Far chiarezza per guardare avanti

I simboli sono importanti. Tratteggiano il percorso delle idee e delle azioni.
Le carriole: segno di rinascita e di consapevolezza che ha valicato i confini della città terremotata. Assurgendo a prorompente simbolo di cittadinanza consapevole e attiva. E di speranza. Per molti.
Il tendone di piazza Duomo: simbolo anch'esso. Di azione che diventa sostanza. Spazio aperto alle proposte ed al confronto di idee.
Le carriole risorte dopo il letargo imposto dagli eventi e da chi in esse ravvisa un'aggregazione troppo destabilizzante per le istituzioni; il tendone sparito fisicamente. Non inaspettatamente. Poca chiarezza c'è stata: in pochi sapevano perché il tendone fosse lì. E chi per esso pagasse. Nell'aria c'era già il sentore che sarebbe stato rimosso. Il proprietario, imprenditore aquilano e cittadino attivo, ne ventilava la rimozione da tempo. L'ha messa in atto, giustamente dal solo punto di vista dell'imprenditore, venerdì scorso. Stanco dei malcelati dissapori interni e di alcune prese di posizione dure e decise. Che chiedevano, comunque, chiarezza. I cittadini attivi son rimasti spiazzati. Ed amareggiati. E' stato come perdere la casa per la seconda volta. E l'identità faticosamente conquistata. Ma l'Assemblea cittadina non è solo un luogo fisico. E', principalmente, la forza e la determinazione delle persone che la animano. L'Assemblea non muore. Va ripensata e ristrutturata con l'obiettivo dell'efficienza e dell'incisività. I cittadini attivi son cresciuti. Di numero ed in consapevolezza. E non si fermano. Si riuniranno mercoledì 15 settembre, sotto i portici della Banca D'Italia, alle ore 18, portando le sedie da "casa". La sedia che diventa nuovo simbolo. Di determinazione. Il centro storico non può essere abbandonato. L'Assemblea non può essere abbandonata.
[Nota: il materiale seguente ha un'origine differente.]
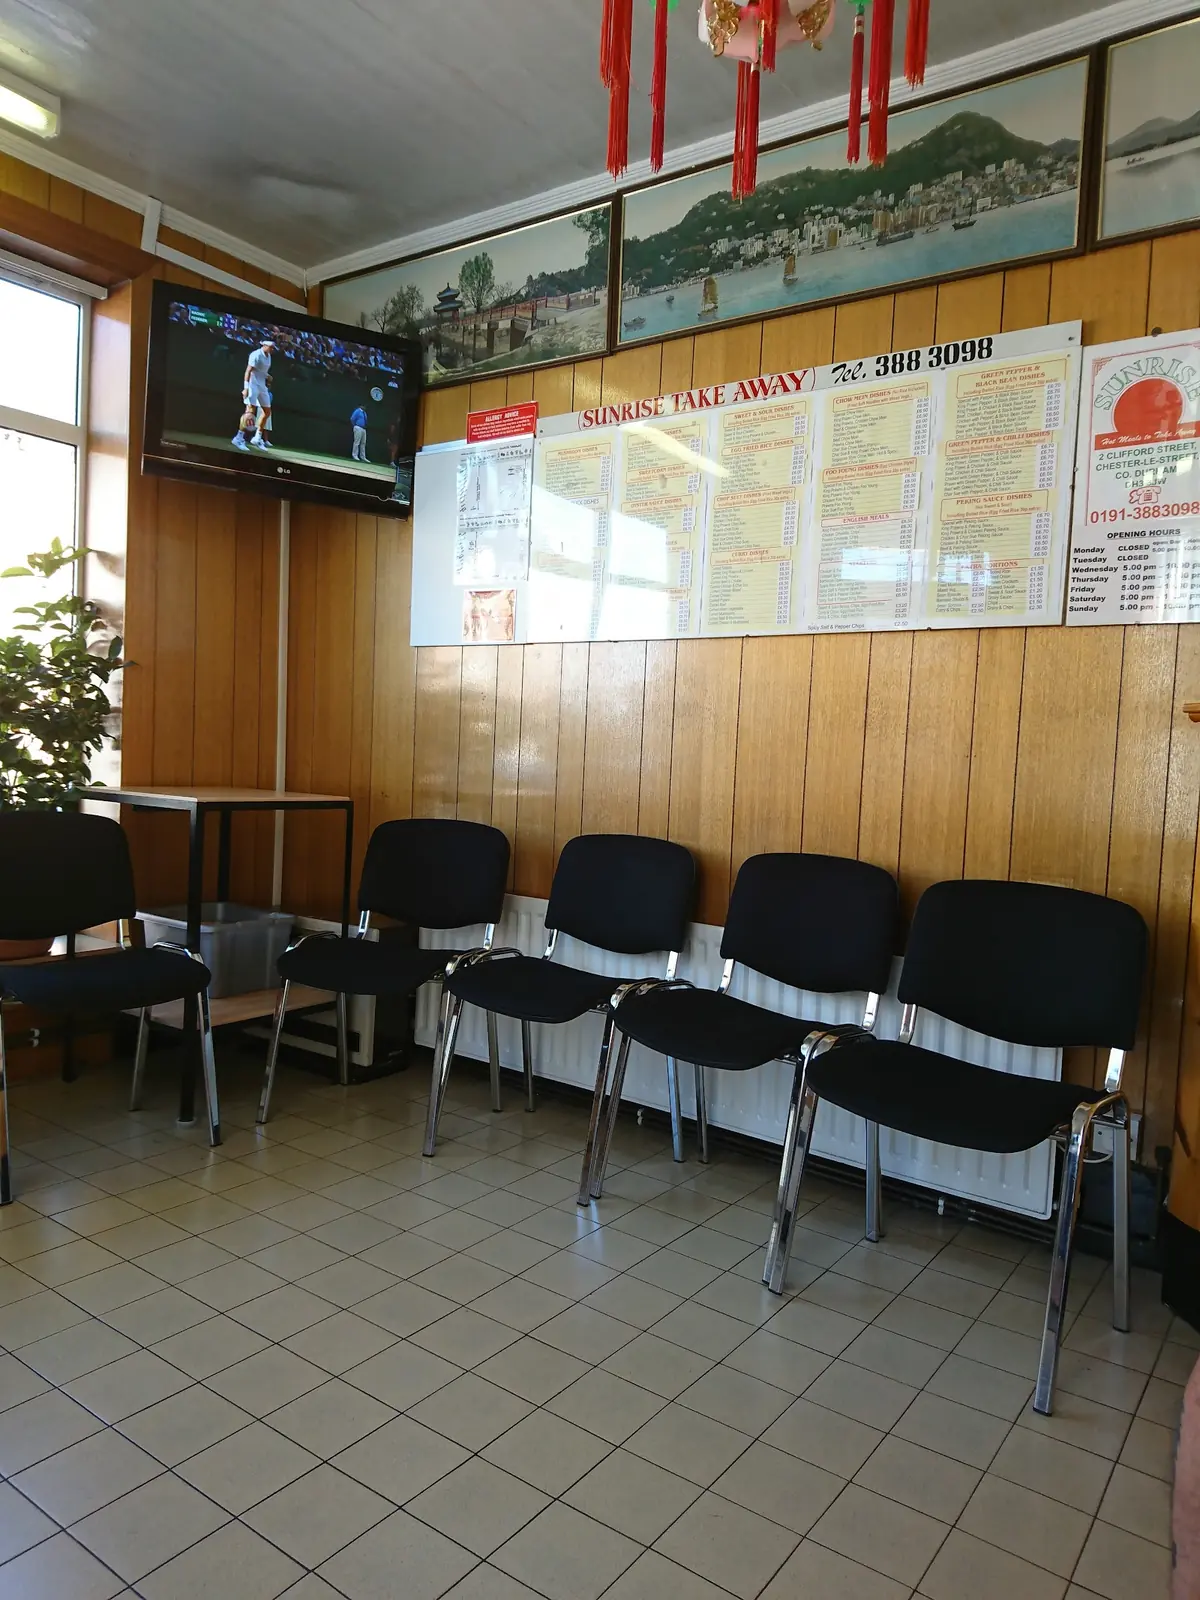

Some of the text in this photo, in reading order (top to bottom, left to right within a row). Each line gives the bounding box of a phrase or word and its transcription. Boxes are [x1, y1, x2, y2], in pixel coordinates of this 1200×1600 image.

E le nubi, alimentate dal silenzio alle domande senza risposta, seppur più volte sollecitate, vanno fugate, superando il tipico perbenismo ipocrita di provincia.
Le cose vanno dette: l'Assemblea non è luogo di intrigo politico, né trampolino di lancio per ottenere incarichi e prebende,né strumento per portare avanti progetti che seguono iter oscuri e tortuosi che non contemplano la vera partecipazione della cittadinanza.
L'auspicio è che chi si sente ingiustamente chiamato in causa, da pericolosi quanto sterili detrattori esterni e da agenti interni che invitano, seppur duramente, alla riflessione ed alla trasparenza, chiarisca definitivamente. E pubblicamente.
Le stanze chiuse lasciamole ad altri.